The E-Mobility Association of Kenya (EMAK) says its members are actively pursuing carbon finance strategies to boost their revenue.
“Different members are taking different approaches to carbon financing, but it’s definitely an area we’re interested in. We’ve educated our members on the potential, and a number of initiatives are already underway,” said EMAK vice president Moses Nderitu, who is also the chief executive of electric bus company BasiGo.
BasiGo is among the most advanced in the carbon finance space, with plans to begin trading verified carbon credits by the end of the next quarter.
The firm is currently undergoing certification with the Geneva-based Gold Standard, a leading global body for climate and sustainable development standards.

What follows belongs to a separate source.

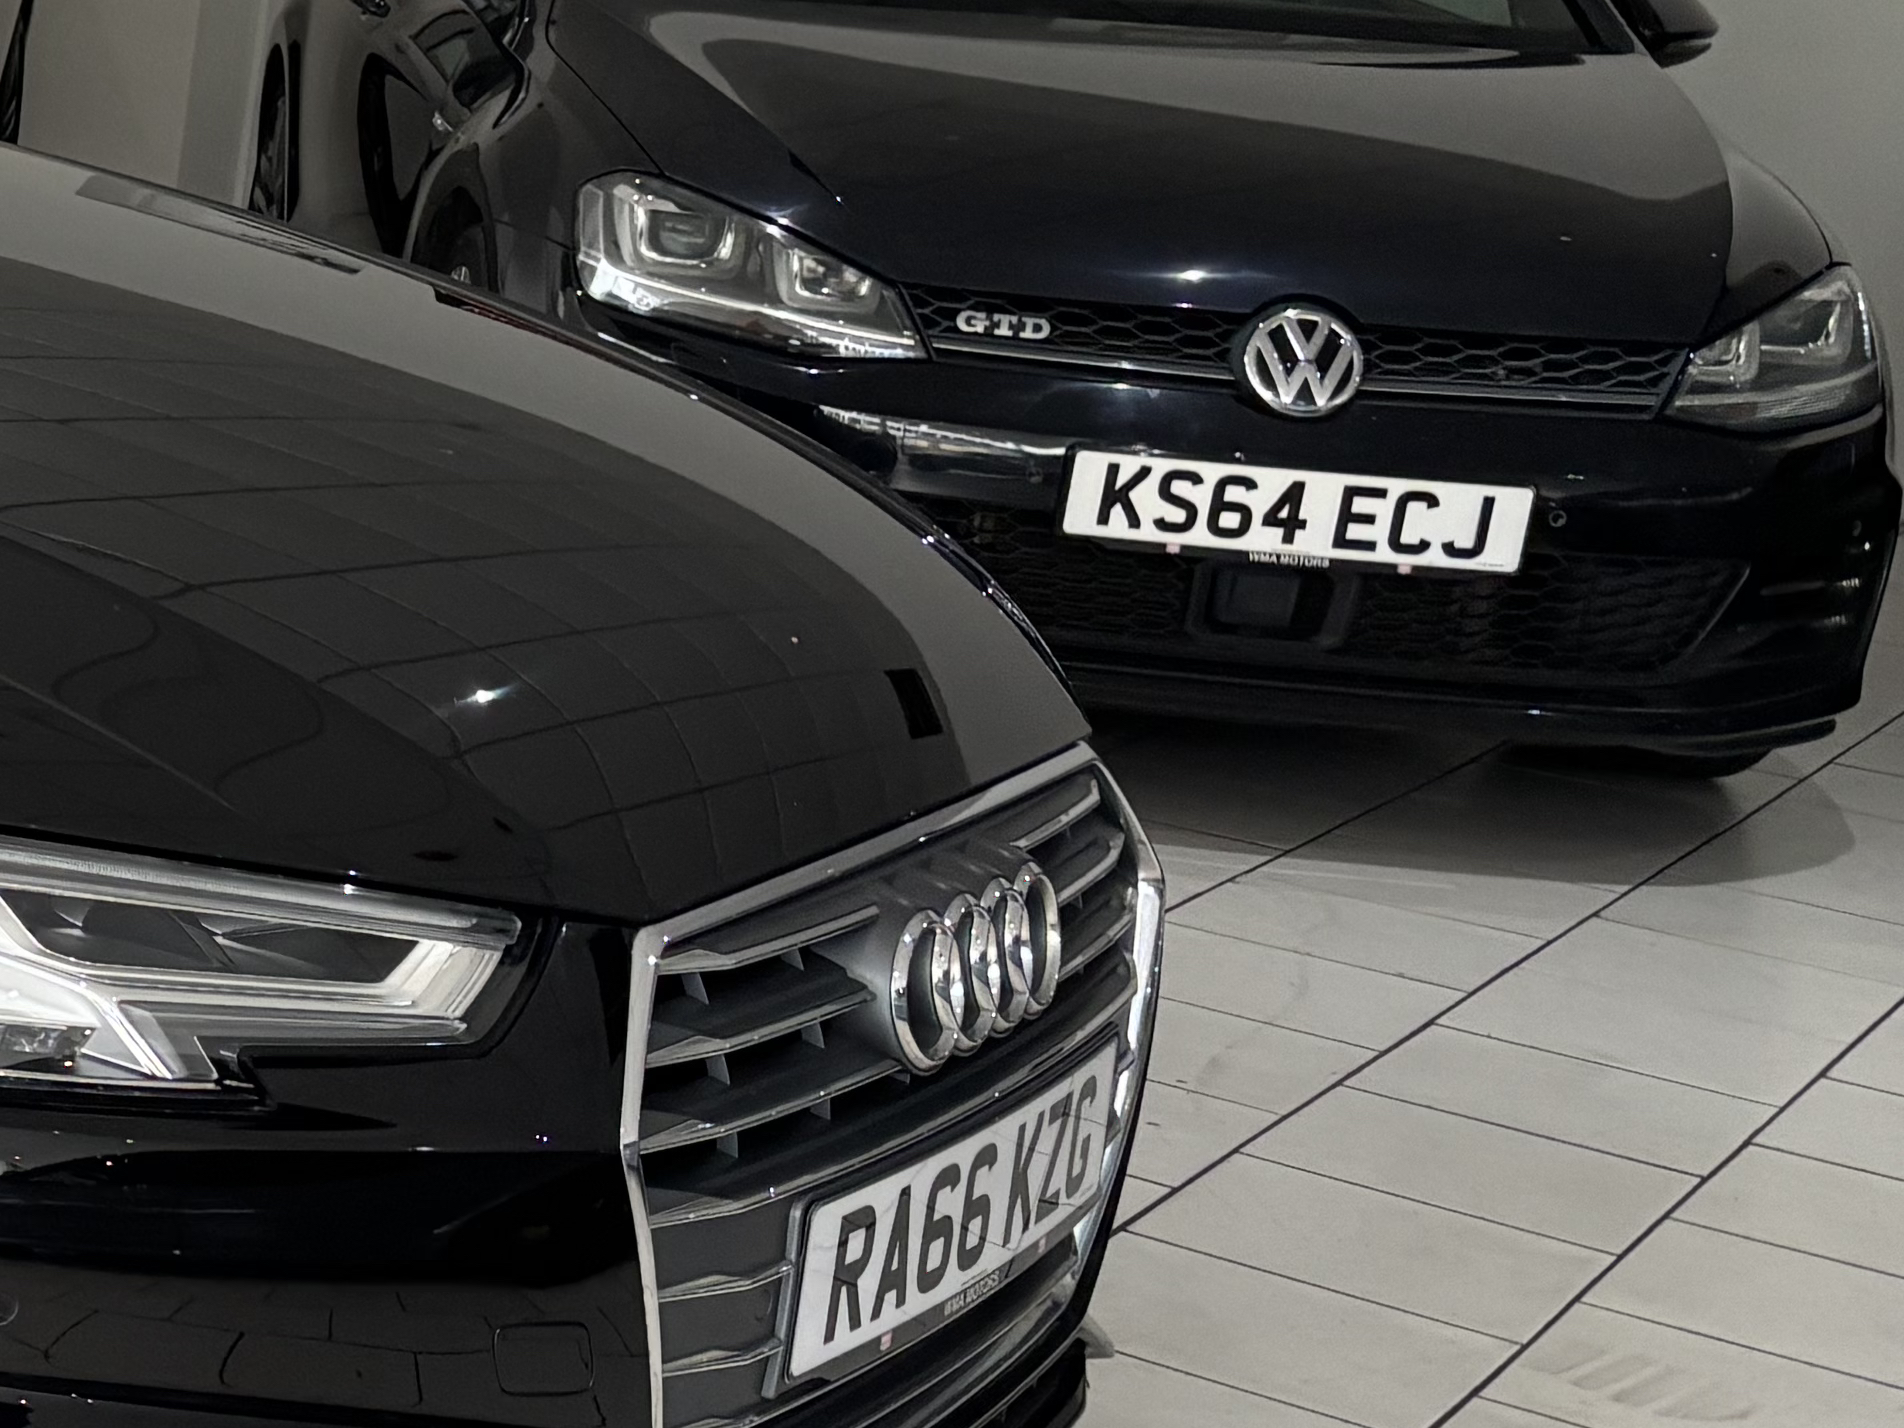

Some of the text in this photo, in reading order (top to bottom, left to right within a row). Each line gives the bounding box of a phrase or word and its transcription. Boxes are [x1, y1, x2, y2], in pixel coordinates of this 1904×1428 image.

[956, 310, 1051, 340] GTD
[1096, 462, 1496, 560] KS64 ECJ
[823, 1075, 1097, 1346] RA66 KZG

“As BasiGo, we opted for the voluntary carbon market, where credits must be independently verified. We’re at the tail end of that process and we might start by next quarter,” said Mr Nderitu.
Since its launch in 2021, BasiGo says it has saved 2,055 tonnes of carbon emissions —credits that could fetch about Sh2.5 million at the current market rate of Sh1,218 ($9.4) per tonne.

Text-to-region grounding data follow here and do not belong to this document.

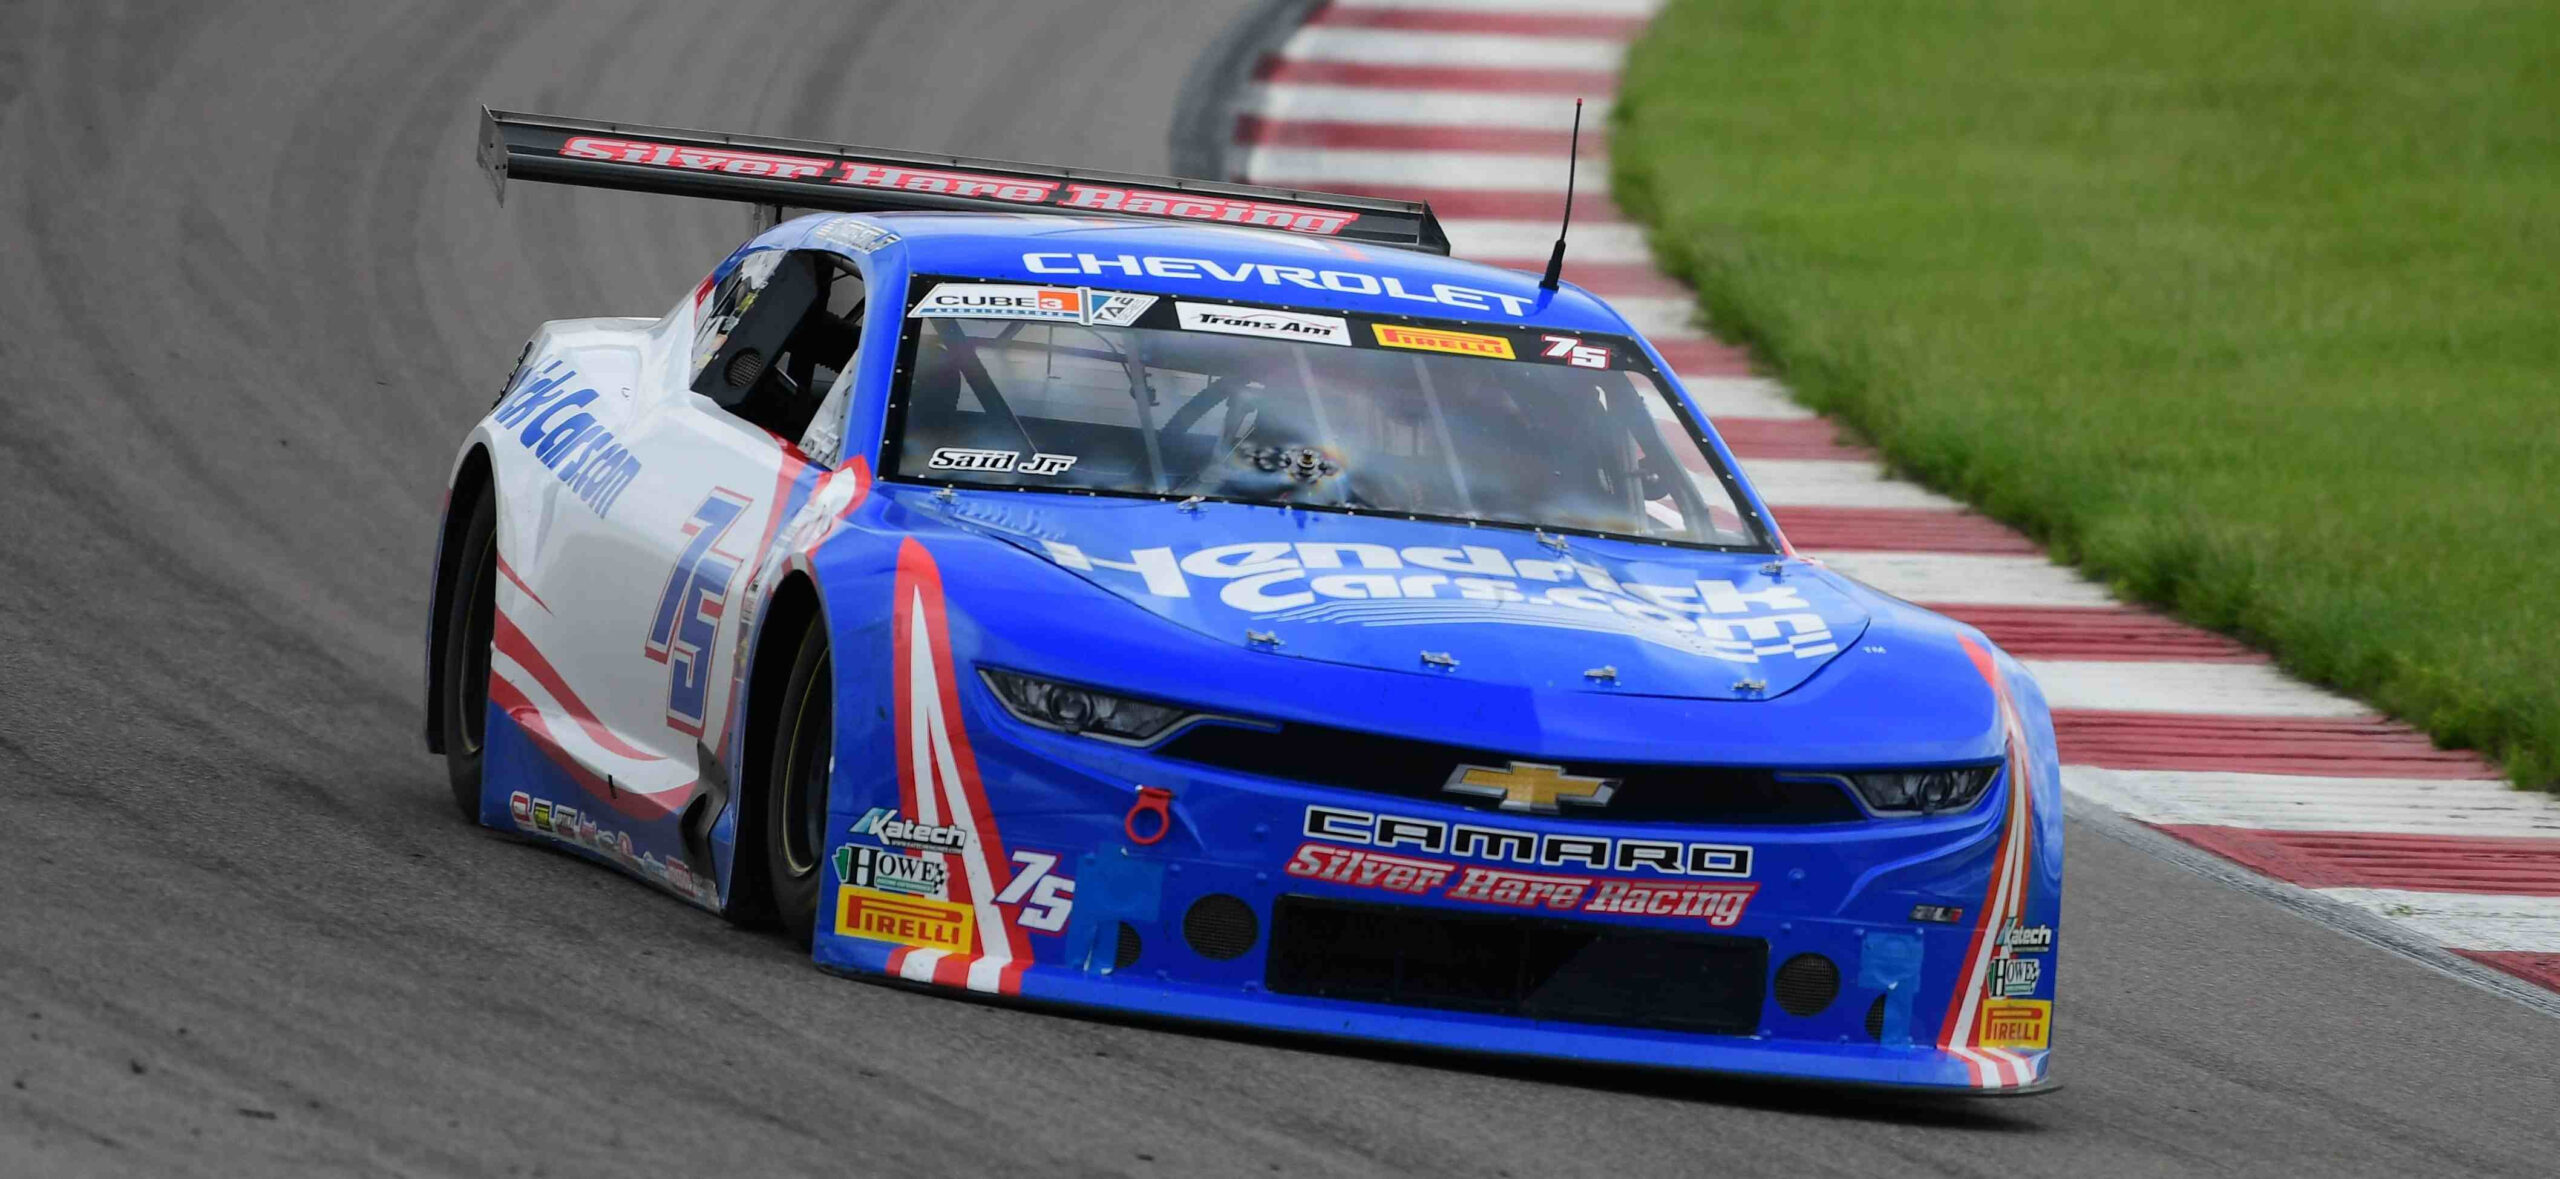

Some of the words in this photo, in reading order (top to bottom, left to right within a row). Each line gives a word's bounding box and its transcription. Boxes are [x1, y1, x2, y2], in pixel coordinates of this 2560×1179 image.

[561, 136, 833, 179] Silver
[832, 161, 1060, 204] Hare
[1057, 182, 1360, 236] Racing
[935, 294, 1036, 309] CUBE
[1022, 252, 1533, 317] CHEVROLET
[1199, 313, 1273, 332] Trans
[1279, 318, 1333, 336] Am
[1383, 328, 1506, 356] PIRELLI
[1540, 334, 1610, 369] 75
[929, 448, 1019, 473] Said
[1018, 452, 1077, 475] Jr
[1041, 539, 1810, 613] Hendrick
[644, 486, 754, 737] 75
[1220, 568, 1839, 663] Cars.com
[851, 807, 967, 849] Katech
[1303, 805, 1753, 877] CAMARO
[849, 846, 938, 888] HOWE
[1285, 843, 1455, 893] Silver
[1445, 867, 1595, 909] Hare
[1584, 880, 1760, 927] Racing
[992, 850, 1076, 934] 75
[847, 894, 963, 945] PIRELLI
[1996, 917, 2052, 952] Katech
[1992, 958, 2036, 997] HOWE
[1985, 1007, 2043, 1041] PIRELLI

Other local EV firms are also exploring the voluntary carbon market. Roam, known for its electric two-wheelers and pilot e-bus models, is preparing to leverage the voluntary carbon finance to support its operations. Meanwhile, Spiro —another key player in the electric motorcycle space— has saved an estimated 32,796 tonnes of carbon emissions and is pursuing a different route.
Spiro is working with government agencies to tap into the carbon market under Article 6 of the Paris Agreement, which enables countries to trade emission reductions between governments.
“In the voluntary market, Africa’s carbon credits are undervalued. So, we’re engaging European partners for better pricing, but we’re also eyeing the government-to-government option now that Article 6 has gone live,” said Spiro CEO Kaushik Burman.
Carbon credits, he added, will help offset those rising costs and stabilise pricing. BasiGo, for instance, says it has always factored carbon financing into its lease pricing and expects the funds to bring further cost relief to customers.
Companies whose core business involves heavy carbon emissions, especially in the oil, aviation, and transport industries, are the top buyers of carbon credits in efforts to become “net-zero” in their operations, to mean that they emit less than they save.
In Kenya, the Kenya Electricity Generation Company (KenGen) and cooking stove maker Burn are among the companies that have so far commercialised emissions savings through carbon trading.
Majority of the carbon trading projects in Kenya are nature-based, such as forest conservation or tree-planting, but there is yet to be any in the energy efficiency space, where the EV firms are seeking.